==== Records

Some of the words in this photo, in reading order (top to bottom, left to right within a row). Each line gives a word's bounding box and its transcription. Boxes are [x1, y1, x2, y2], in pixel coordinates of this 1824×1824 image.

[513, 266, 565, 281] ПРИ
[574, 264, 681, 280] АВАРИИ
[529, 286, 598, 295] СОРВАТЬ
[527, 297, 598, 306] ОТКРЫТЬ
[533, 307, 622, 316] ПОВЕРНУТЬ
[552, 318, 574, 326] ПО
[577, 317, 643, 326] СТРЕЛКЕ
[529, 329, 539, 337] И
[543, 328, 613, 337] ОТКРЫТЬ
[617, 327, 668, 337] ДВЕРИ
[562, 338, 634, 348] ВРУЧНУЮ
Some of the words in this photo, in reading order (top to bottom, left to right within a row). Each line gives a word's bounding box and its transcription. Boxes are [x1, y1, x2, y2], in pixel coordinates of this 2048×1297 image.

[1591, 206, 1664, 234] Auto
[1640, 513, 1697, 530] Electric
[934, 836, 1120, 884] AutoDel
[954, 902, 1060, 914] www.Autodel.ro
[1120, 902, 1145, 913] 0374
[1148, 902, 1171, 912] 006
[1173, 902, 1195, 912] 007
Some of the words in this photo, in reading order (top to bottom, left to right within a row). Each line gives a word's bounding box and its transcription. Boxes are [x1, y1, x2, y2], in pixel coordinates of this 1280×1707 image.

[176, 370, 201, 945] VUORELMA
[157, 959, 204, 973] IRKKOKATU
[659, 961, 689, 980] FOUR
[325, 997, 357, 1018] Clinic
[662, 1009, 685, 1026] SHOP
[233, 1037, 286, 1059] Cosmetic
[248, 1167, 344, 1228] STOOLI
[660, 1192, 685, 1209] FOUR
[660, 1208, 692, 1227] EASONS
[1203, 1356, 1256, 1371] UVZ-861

========

**The problem:**
Copy out every entry, keeping each line exactly as it is.

**Solved exercise:**
Some of the words in this photo, in reading order (top to bottom, left to right within a row). Each line gives a word's bounding box and its transcription. Boxes are [x1, y1, x2, y2], in pixel coordinates of this 1824×1824 image.

[513, 266, 565, 281] ПРИ
[574, 264, 681, 280] АВАРИИ
[529, 286, 598, 295] СОРВАТЬ
[527, 297, 598, 306] ОТКРЫТЬ
[533, 307, 622, 316] ПОВЕРНУТЬ
[552, 318, 574, 326] ПО
[577, 317, 643, 326] СТРЕЛКЕ
[529, 329, 539, 337] И
[543, 328, 613, 337] ОТКРЫТЬ
[617, 327, 668, 337] ДВЕРИ
[562, 338, 634, 348] ВРУЧНУЮ
Some of the words in this photo, in reading order (top to bottom, left to right within a row). Each line gives a word's bounding box and its transcription. Boxes are [x1, y1, x2, y2], in pixel coordinates of this 2048×1297 image.

[1591, 206, 1664, 234] Auto
[1640, 513, 1697, 530] Electric
[934, 836, 1120, 884] AutoDel
[954, 902, 1060, 914] www.Autodel.ro
[1120, 902, 1145, 913] 0374
[1148, 902, 1171, 912] 006
[1173, 902, 1195, 912] 007
Some of the words in this photo, in reading order (top to bottom, left to right within a row). Each line gives a word's bounding box and its transcription. Boxes are [x1, y1, x2, y2], in pixel coordinates of this 1280×1707 image.

[176, 370, 201, 945] VUORELMA
[157, 959, 204, 973] IRKKOKATU
[659, 961, 689, 980] FOUR
[325, 997, 357, 1018] Clinic
[662, 1009, 685, 1026] SHOP
[233, 1037, 286, 1059] Cosmetic
[248, 1167, 344, 1228] STOOLI
[660, 1192, 685, 1209] FOUR
[660, 1208, 692, 1227] EASONS
[1203, 1356, 1256, 1371] UVZ-861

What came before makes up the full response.